**AIM OF THE TASK:** From the line containing "Some of the text" to the last line of the listing below, repeat every line exactly, and output nothing else.

**RECORDS FOR THIS TASK:**
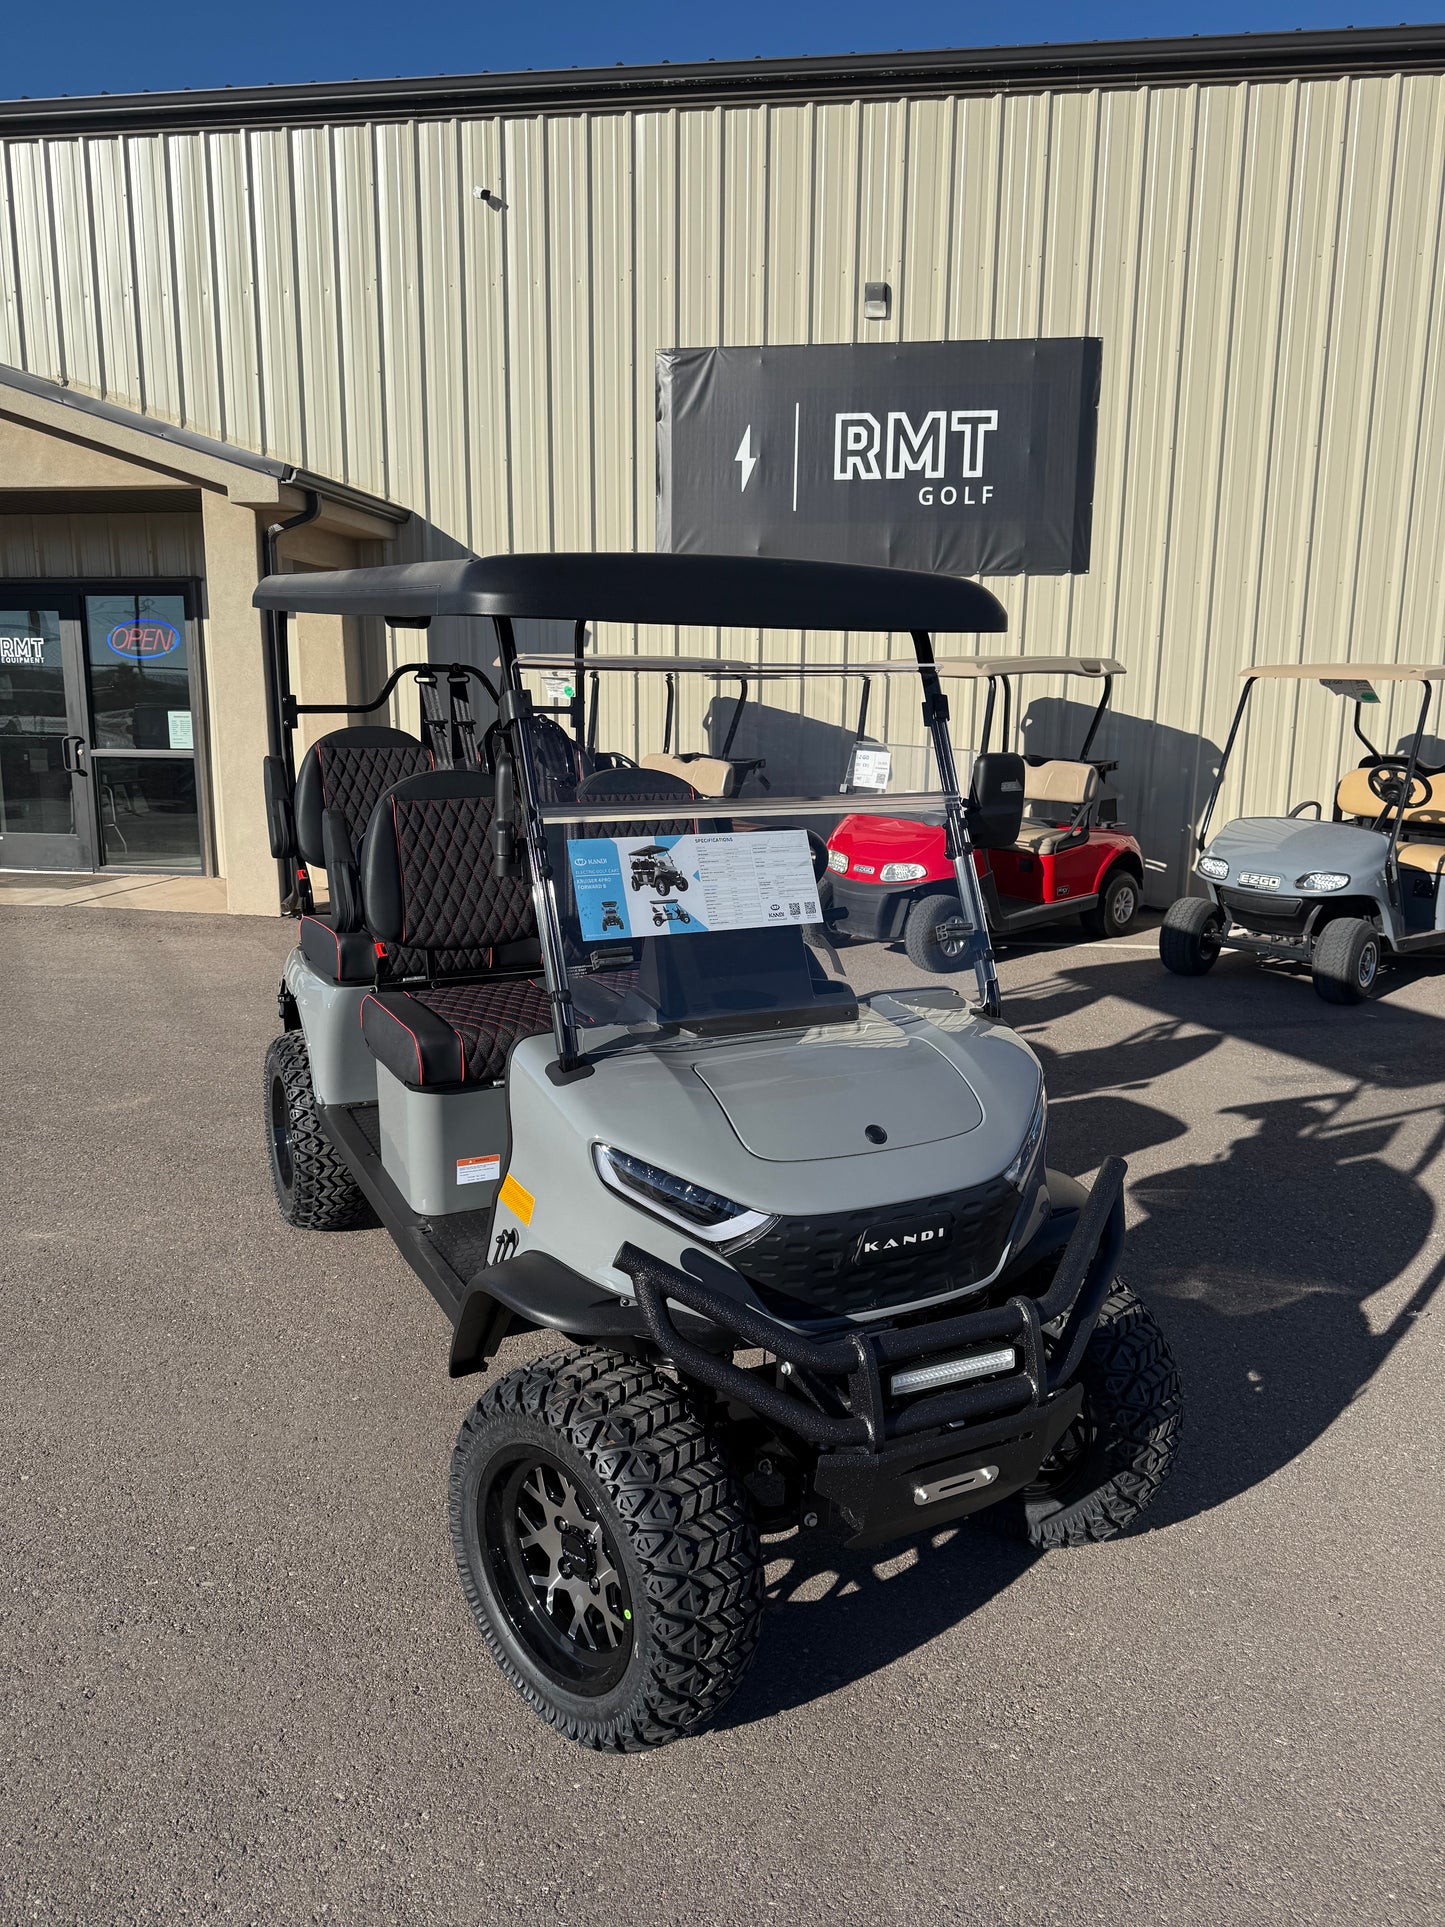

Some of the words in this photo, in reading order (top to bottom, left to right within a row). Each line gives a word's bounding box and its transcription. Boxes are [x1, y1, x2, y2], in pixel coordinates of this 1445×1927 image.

[834, 410, 998, 480] RMT
[918, 485, 994, 506] GOLF
[0, 637, 44, 657] RMT
[112, 627, 174, 652] OPEN
[1, 656, 45, 664] EQUIPMENT
[587, 857, 608, 865] KANDI
[864, 1227, 944, 1253] KANDI
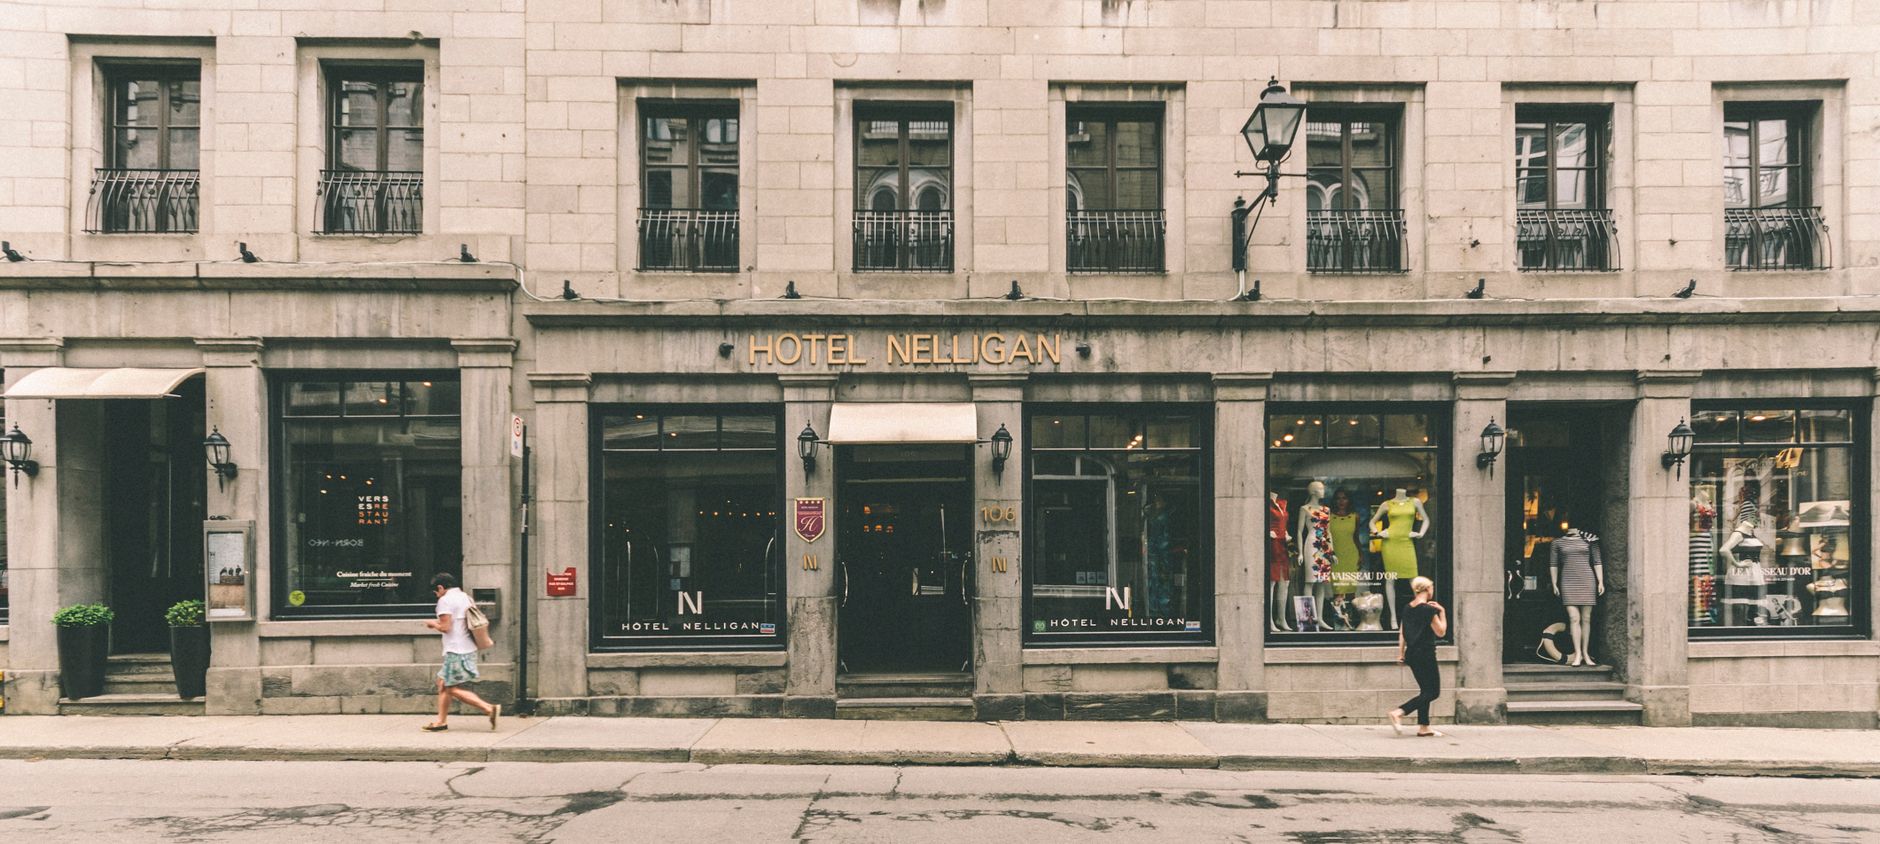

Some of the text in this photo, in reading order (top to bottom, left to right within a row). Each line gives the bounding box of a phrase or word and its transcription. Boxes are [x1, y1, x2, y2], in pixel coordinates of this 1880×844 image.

[749, 332, 1061, 366] HOTEL NELLIGAN
[980, 505, 1016, 523] 106
[1317, 572, 1398, 580] LE VAISSEAU D'OR
[1732, 567, 1812, 576] LE VSSEAU D'OR
[683, 622, 759, 630] NELLIGAN
[1110, 617, 1185, 626] NELLIGAN

**EXPECTED ANSWER:**
Some of the text in this photo, in reading order (top to bottom, left to right within a row). Each line gives the bounding box of a phrase or word and its transcription. Boxes are [x1, y1, x2, y2], in pixel coordinates of this 1880×844 image.

[749, 332, 1061, 366] HOTEL NELLIGAN
[980, 505, 1016, 523] 106
[1317, 572, 1398, 580] LE VAISSEAU D'OR
[1732, 567, 1812, 576] LE VSSEAU D'OR
[683, 622, 759, 630] NELLIGAN
[1110, 617, 1185, 626] NELLIGAN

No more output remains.